Эндолизины против стрептококков как альтернатива антибиотикам (аннотация)
В последние годы вспышки AMR-бактериальных инфекций, включая Streptococcus spp., в отношении множества антибиотиков стали серьезным кризисом не только в секторе здравоохранения, но и в сельском хозяйстве и аквакультуре.
Streptococcus spp. - грамположительные, факультативные анаэробы, неподвижные, не образующие спор, оксидазоотрицательные с α-, β- или негемолитической (γ) предрасположенностью. Streptococcus spp. классифицируются по экспрессии различных антигенов Лансфилда, обнаруженных на клеточной стенке. Группировка по Лансфилду - это традиционный метод, который подразделяет род Streptococcus на 20 групп на основании наличия полисахаридов и антигенов тейхоевой кислоты на клеточной стенке.
Среди этих групп стрептококки группы А (GAS) и стрептококки группы В (GBS) являются наиболее распространенными патогенами человека, вызывающими системные инфекции, связанные с высокой смертностью и заболеваемостью. Streptococcus pyogenes, являющийся бактерией GAS, ежегодно инфицирует не менее 700 миллионов человек со смертностью 15-30%, приводя к менингиту, синдрому токсического шока и фарингиту. Streptococcus agalactiae, бактерия GBS, которая встречается в микробиоте кишечника и урогенитального тракта человека, часто ассоциируется с инфекцией хирургических ран после кесарева сечения у беременных женщин и менингитом новорожденных. Streptococcus pneumoniae, с другой стороны, является основной причиной менингита и многих различных легочных инфекций, включая сепсис.
В отрасли аквакультуры Streptococcus iniae и S. agalactiae были определены как наиболее распространенные патогены, связанные со вспышками стрептококкоза, что привело к значительным экономическим потерям. Инфекции Streptococcus dysgalactiae подвида equisimilis и Streptococcus suis у поросят-отъемышей обычно вызывают пневмонию или менингит, что приводит к повышению уровня смертности и значительным финансовым потерям.
После открытия пенициллинорезистентного золотистого стафилококка в 1950-х годах и метициллинорезистентного S. aureus (MRSA) в 1960-х годах исследователи начали искать альтернативные противомикробные препараты.
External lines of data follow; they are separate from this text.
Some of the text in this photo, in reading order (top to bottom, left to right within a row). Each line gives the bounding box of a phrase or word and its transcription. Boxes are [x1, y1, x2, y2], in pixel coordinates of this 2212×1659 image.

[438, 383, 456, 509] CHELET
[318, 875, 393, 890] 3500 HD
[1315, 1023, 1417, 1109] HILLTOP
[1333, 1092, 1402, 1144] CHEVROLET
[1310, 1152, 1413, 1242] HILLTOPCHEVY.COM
В связи с ростом AMR фаговая терапия, включающая использование литических белков фагов, таких как эндолизины, стала популярным направлением исследований в качестве жизнеспособной альтернативы антибиотикам.
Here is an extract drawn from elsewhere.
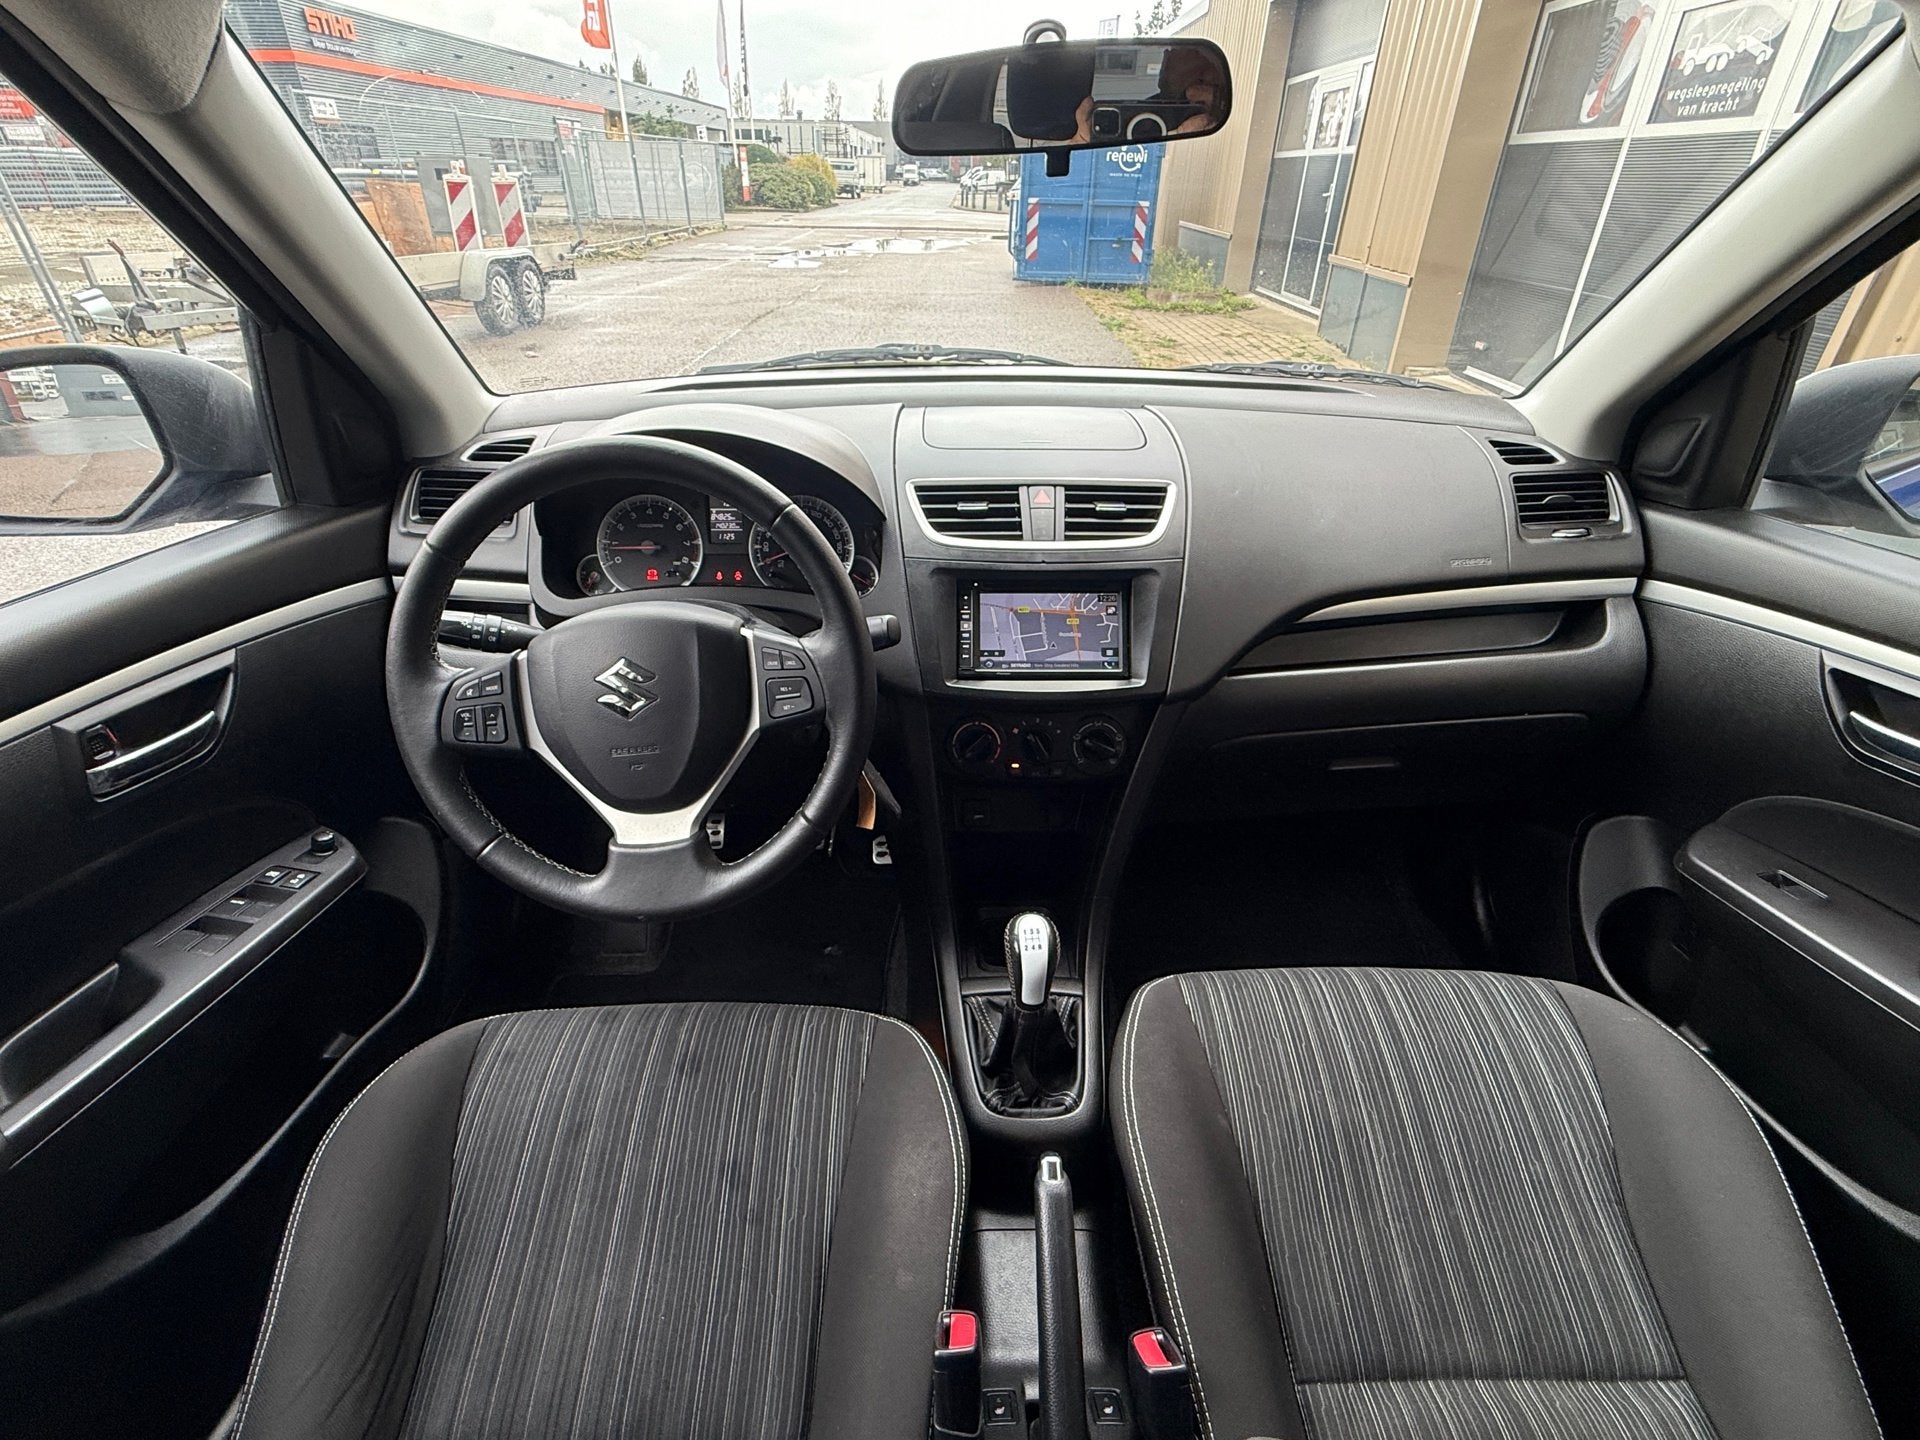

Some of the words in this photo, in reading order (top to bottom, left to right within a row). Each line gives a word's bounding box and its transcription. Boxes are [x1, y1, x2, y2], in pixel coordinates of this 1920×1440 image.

Эндолизины или лизины были впервые описаны в лизатах S. aureus в начале 1960-х годов. Они представляют собой кодируемые фагами гидролазы пептидогликана, ответственные за деградацию пептидогликановой клеточной стенки для высвобождения новых потомков фага в конце литического цикла фага. Деградация пептидогликановой клеточной стенки нарушает осмотический баланс между клеточным и осмотическим давлением окружающей среды, что приводит к лизису и гибели клетки. Благодаря своей высокой специфичности в нацеливании на определенные связи в пептидогликановой клеточной стенке, эндолизины также широко используются в различных областях, например, в качестве природного антибактериального агента при консервировании продуктов питания, в качестве белкового дезинфицирующего средства узкого спектра действия и для местного применения на коже против MRSA.
В настоящее время исследователи выявили и протестировали множество эндолизинов, чтобы установить их потенциал в качестве новых антимикробных альтернатив. Однако клинические испытания эндолизинов против Streptococcus spp. не проводились из-за отсутствия исследований in vivo. Цель данного обзора - обсудить различные типы эндолизинов, нацеленных на Streptococcus spp., и их текущее применение в различных отраслях.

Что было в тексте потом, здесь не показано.